Task objective — Retype the following data exactly, but leave its pictures out.
○ ○ ○ ○ ○
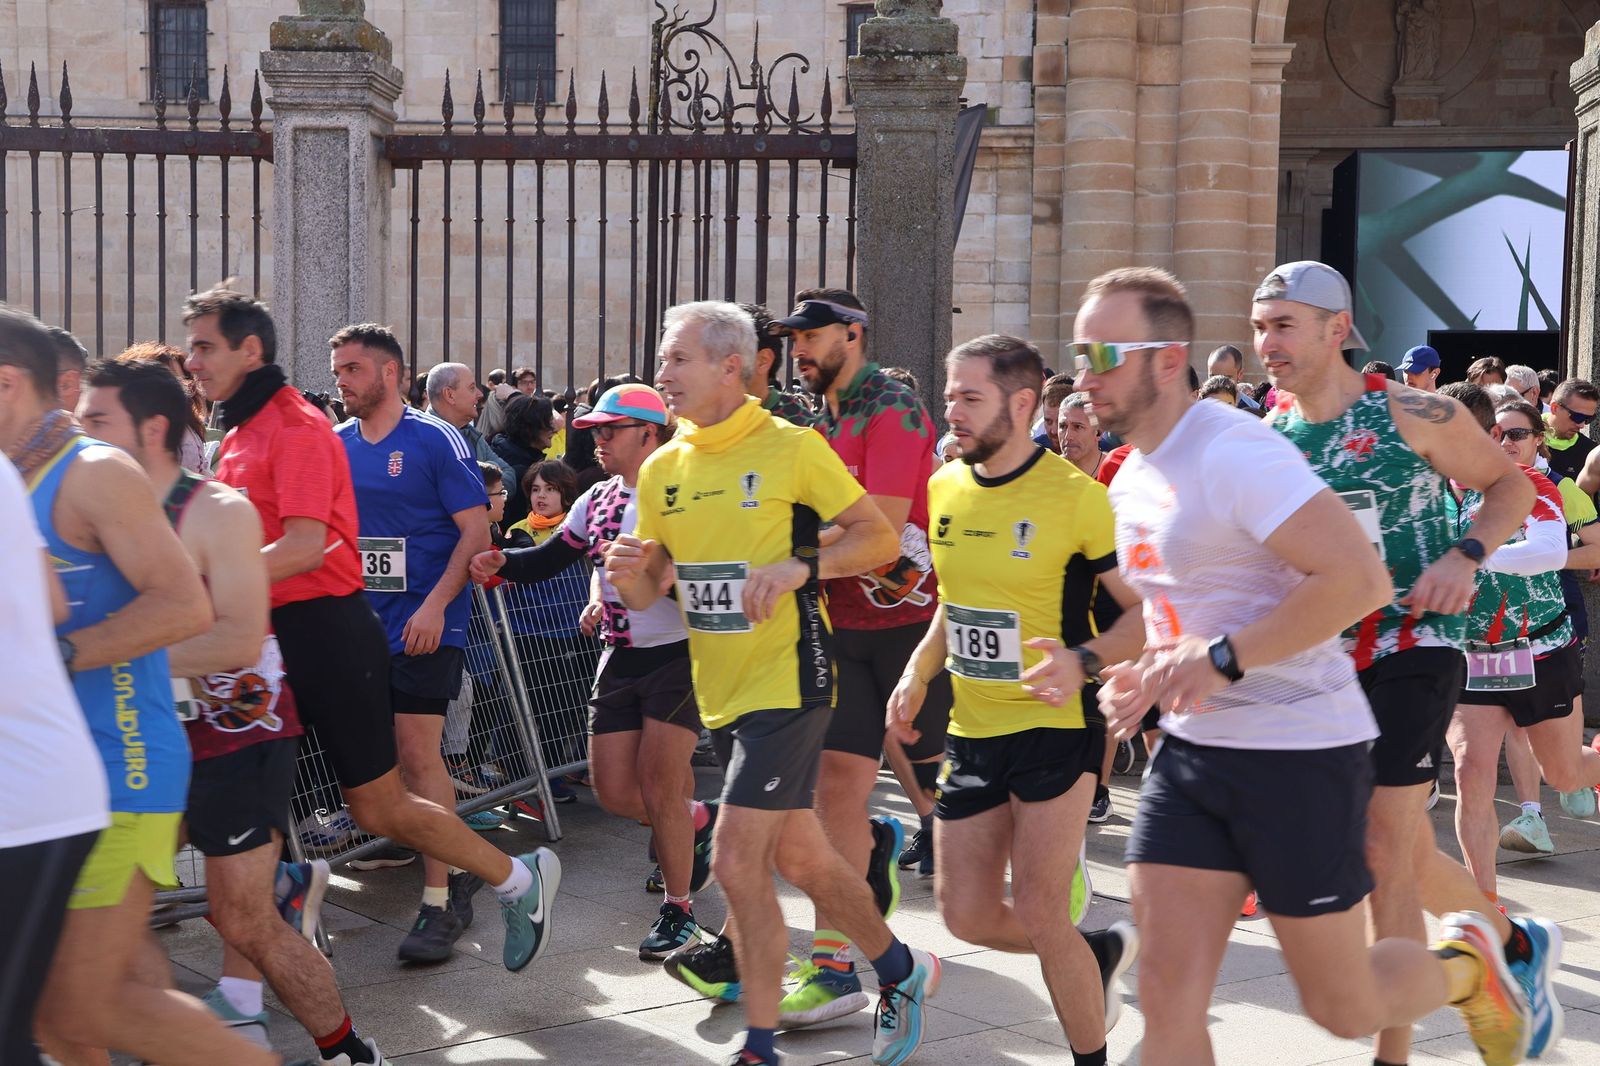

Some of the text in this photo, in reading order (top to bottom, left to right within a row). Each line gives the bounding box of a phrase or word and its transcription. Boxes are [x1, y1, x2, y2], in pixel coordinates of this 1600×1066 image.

[687, 582, 734, 611] 344
[954, 625, 1000, 659] 189
[1476, 651, 1517, 675] 771
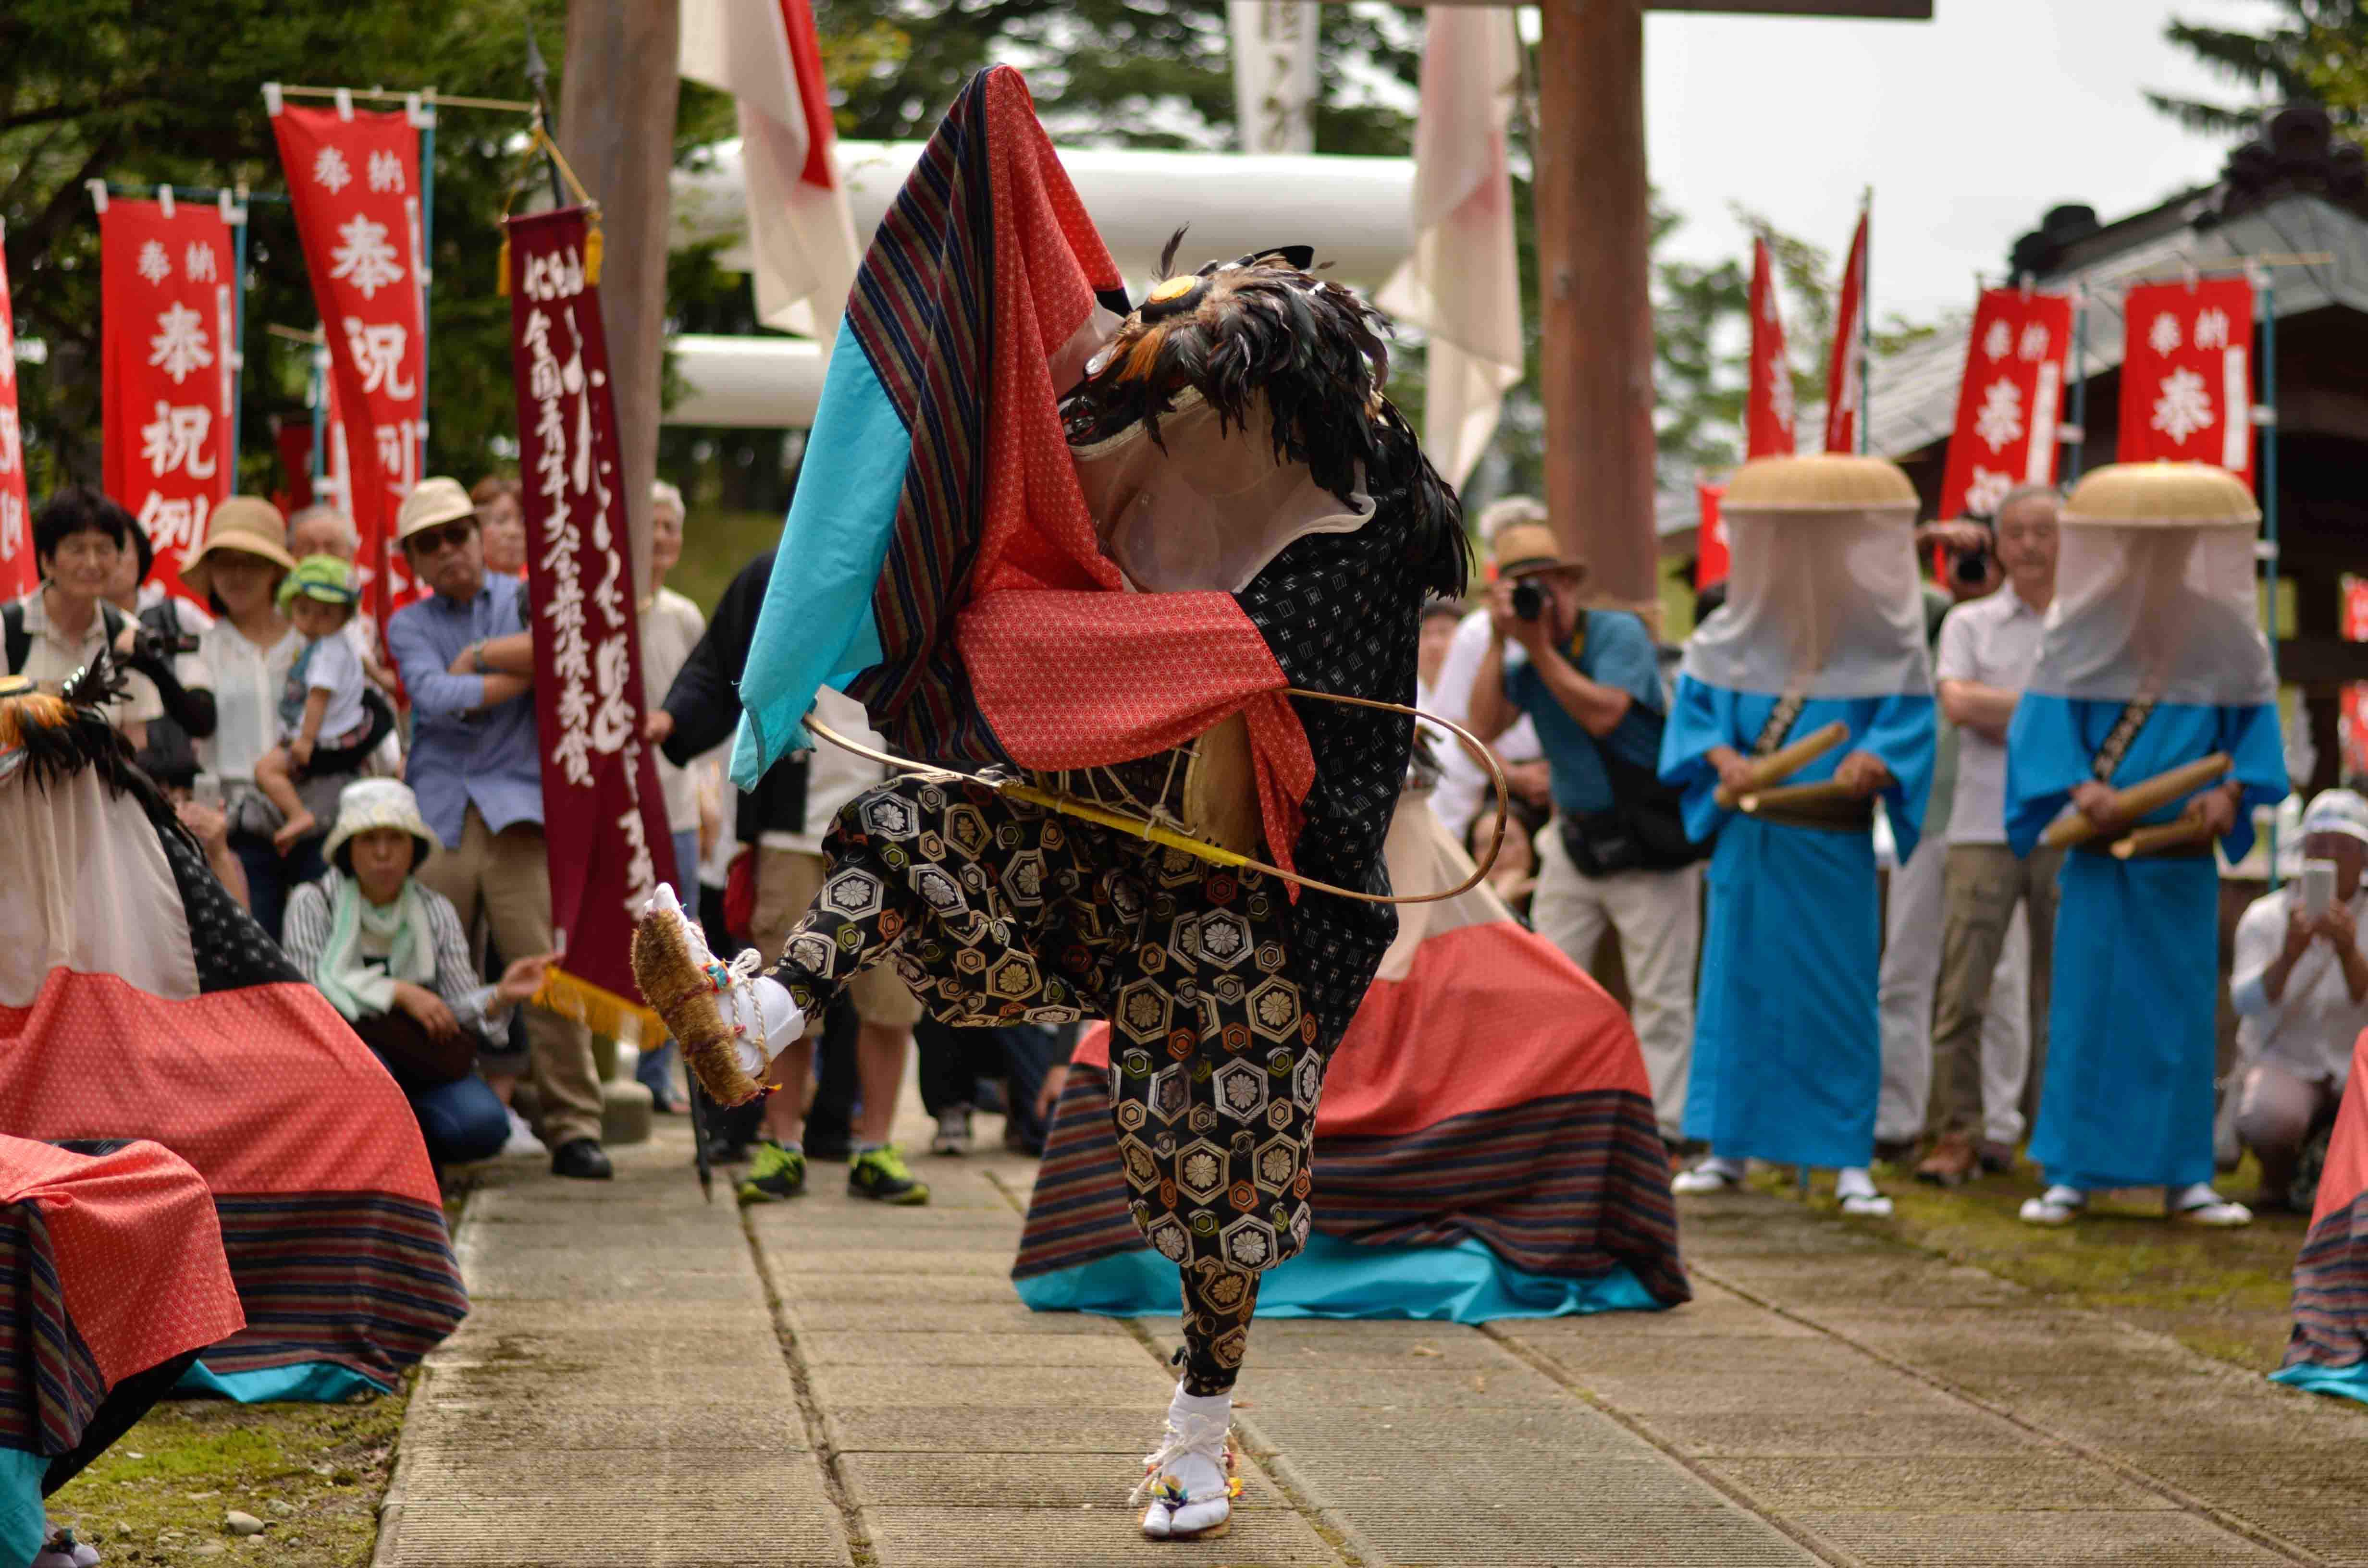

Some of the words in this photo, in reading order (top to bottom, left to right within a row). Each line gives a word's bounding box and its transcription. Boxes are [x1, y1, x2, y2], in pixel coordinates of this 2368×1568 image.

[314, 145, 406, 195] 奉納
[137, 239, 217, 286] 奉納
[137, 300, 216, 601] 奉祝例
○ ○ ○ ○ ○
Output of the exercise —
Some of the text in this photo, in reading order (top to bottom, left to right within a row). Each line gives the bounding box of a phrase or word and its transcription. Boxes are [x1, y1, x2, y2], in pixel coordinates of this 1600×1066 image.

[687, 582, 734, 611] 344
[954, 625, 1000, 659] 189
[1476, 651, 1517, 675] 771

Some of the words in this photo, in reading order (top to bottom, left to right within a row). Each line gives a word's bounding box and its transcription. Boxes are [x1, y1, x2, y2], in pixel coordinates of this 2368×1568 image.

[314, 145, 406, 195] 奉納
[137, 239, 217, 286] 奉納
[137, 300, 216, 601] 奉祝例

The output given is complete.